Introduction
This post summarizes the results on a research of a new Zr89 PET tracer for cell labeling. The open access article was published last month in the European Journal of Nuclear Medicine and Molecular Imaging journal:
Charoenphun, P. et al. [89Zr]Oxinate4 for long-term in vivo cell tracking by positron emission tomography. EJNMMI (2014)
The preclinical PET/CT images were acquired on a nanoScan PET/CT in vivo small animal imaging system at King’s College London.
Increasing sensitivity of cell tracking by changing labeling and detection from SPECT to PET
Cell tracking by gamma imaging with radionuclides has been performed clinically for over 30 years and is used for tracking autologous leukocytes to detect sites of infection/inflammation. The standard radiolabelling methodology has been non-specific assimilation of lipophilic, metastable complexes of indium-111 (with oxine) or technetium-99m (with HMPAO). Regenerative medicine and immune cell-based therapies are creating new roles for clinical tracking of these cells. Conventional cell radiolabelling methods have been applied for some of these cell types, but for clinical use new applications will require detection of small lesions and small numbers of cells beyond the sensitivity of traditional gamma camera imaging with In-111 or Tc-99m (e.g. coronary artery disease, diabetes, neurovascular inflammation and thrombus), creating a need for positron-emitting radiolabels to exploit the better sensitivity, quantification and resolution of clinical PET.

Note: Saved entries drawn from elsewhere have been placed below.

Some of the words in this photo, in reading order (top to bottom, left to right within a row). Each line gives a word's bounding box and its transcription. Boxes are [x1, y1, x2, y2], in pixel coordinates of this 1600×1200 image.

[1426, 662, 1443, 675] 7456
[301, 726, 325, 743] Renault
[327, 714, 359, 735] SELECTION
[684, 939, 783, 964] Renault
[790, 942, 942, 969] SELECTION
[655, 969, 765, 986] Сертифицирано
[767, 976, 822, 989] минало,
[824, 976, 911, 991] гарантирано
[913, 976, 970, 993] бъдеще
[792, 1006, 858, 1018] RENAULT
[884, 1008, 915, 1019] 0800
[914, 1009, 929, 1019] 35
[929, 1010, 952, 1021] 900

So far the search for positron emitting (PET) radiolabels for cells has met with limited success. The near-ubiquitous presence of glucose transporters allows labelling with [18F]-FDG but labelling efficiencies are highly variable, the radiolabel is prone to rapid efflux, and the short half-life (110 min) of F-18 allows only brief tracking. Copper-64 offers a longer (12 h) half-life and efficient cell labelling using lipophilic tracers but rapid efflux of label from cells is a persistent problem and a still longer half-life would be preferred. A “PET analogue” of In-111 oxine, capable of cell tracking over 7 days or more, would be highly desirable but is not yet available.

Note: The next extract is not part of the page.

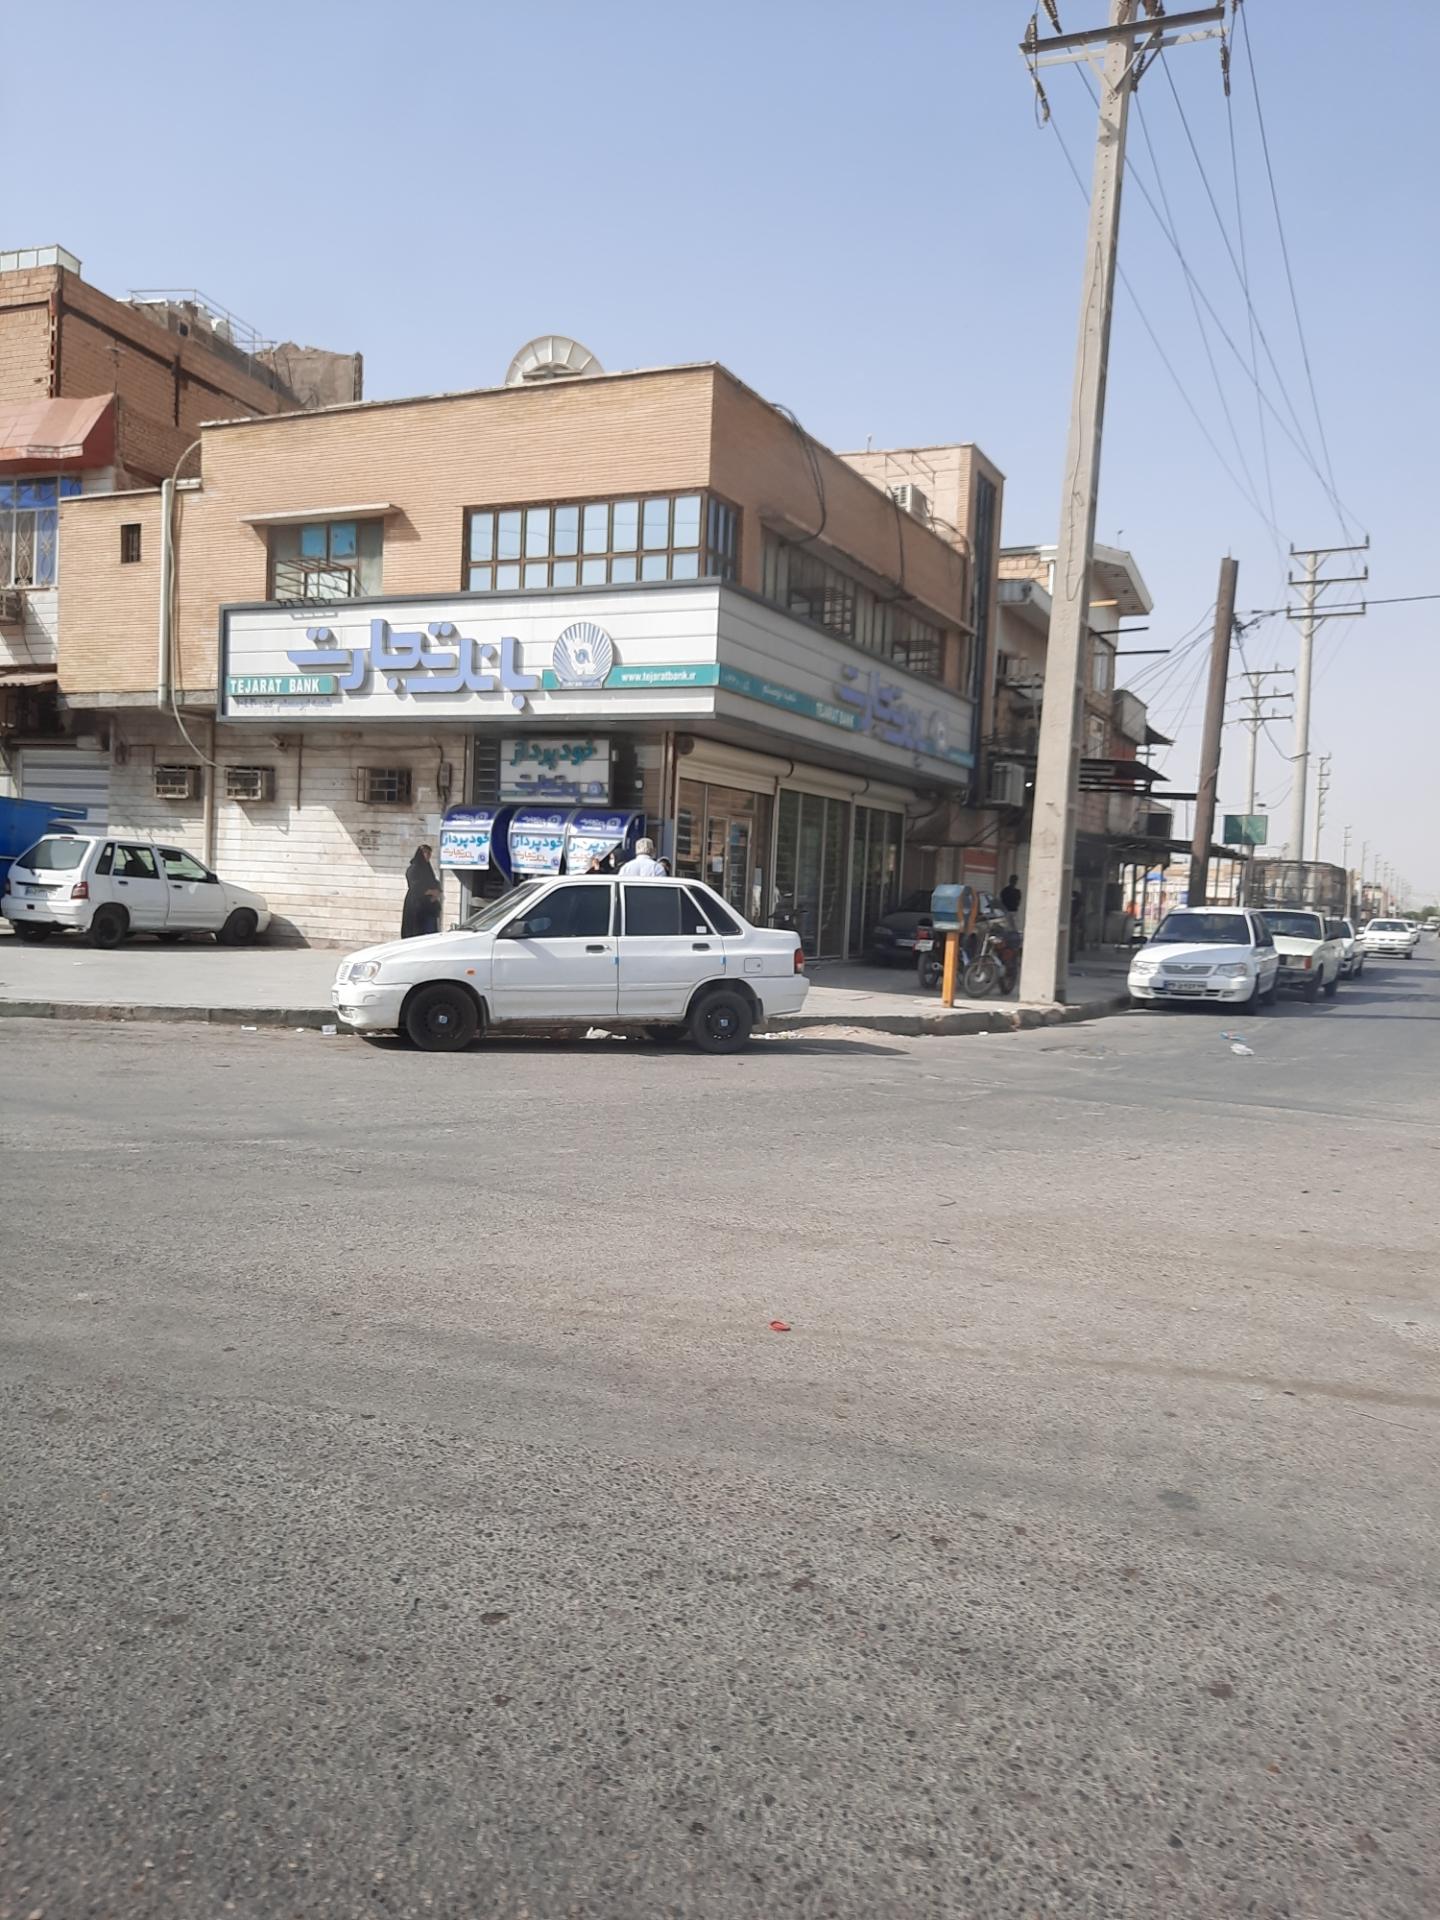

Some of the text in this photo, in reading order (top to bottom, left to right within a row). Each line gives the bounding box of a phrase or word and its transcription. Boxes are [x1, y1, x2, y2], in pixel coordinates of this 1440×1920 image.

[230, 678, 320, 694] TEJARAT BANK
[287, 619, 540, 710] بانک تجارت

Zr-89 Oxine: a PET cell radiolabelling agent for long term in vivo cell tracking
This paper describes the first synthesis of Zr-89 oxine, and comparison with In-111 oxine for labelling several cell lines, human leukocytes and tracking of the cancer cell line GFP-5T33 cells in mice. The new lipophilic, metastable complex of Zr-89 can radiolabel a range of cells, independently of specific phenotypes, providing a long-sought solution to the unmet need for a long half-life positron-emitting radiolabel to replace In-111 for cell migration imaging. In addition to the expected advantages (enhanced sensitivity, resolution and quantification) of cell tracking with PET rather than scintigraphy or SPECT, Zr-89 shows less efflux from cells in vitro and in vivo than In-111. GFP-5T33 is a syngeneic murine multiple myeloma model originating from the C57Bl/KaLwRij strain, engineered to express green fluorescent protein (GFP). It was chosen for this work because the fate of the cells after i.v. inoculation is known from the literature. Intravenously injected cells migrate exclusively to the liver, spleen and bone marrow. Furthermore as the radiolabelled cells were GFP positive it was possible to validate the non-invasive images by using flow sorting of the GFP positive cells and negative cells. After flow sorting the authors were able to show that after 7 days in vivo the Zr-89 Oxine cells remained viable for the duration of the study, and that ~95% of radioactivity was present in viable GFP+ cells. The excellent in vivo survival and retention of radioactivity by the cells at 7 days, coupled with the demonstrated ability to acquire useful PET images up to 14 days, significantly extend the typical period over which cells can be tracked by radionuclide imaging with directly labelled cells.
The use of PET Zr-89 oxine for cell tracking could have a dramatic impact in the investigation of infection, inflammation and cell-based therapies in humans.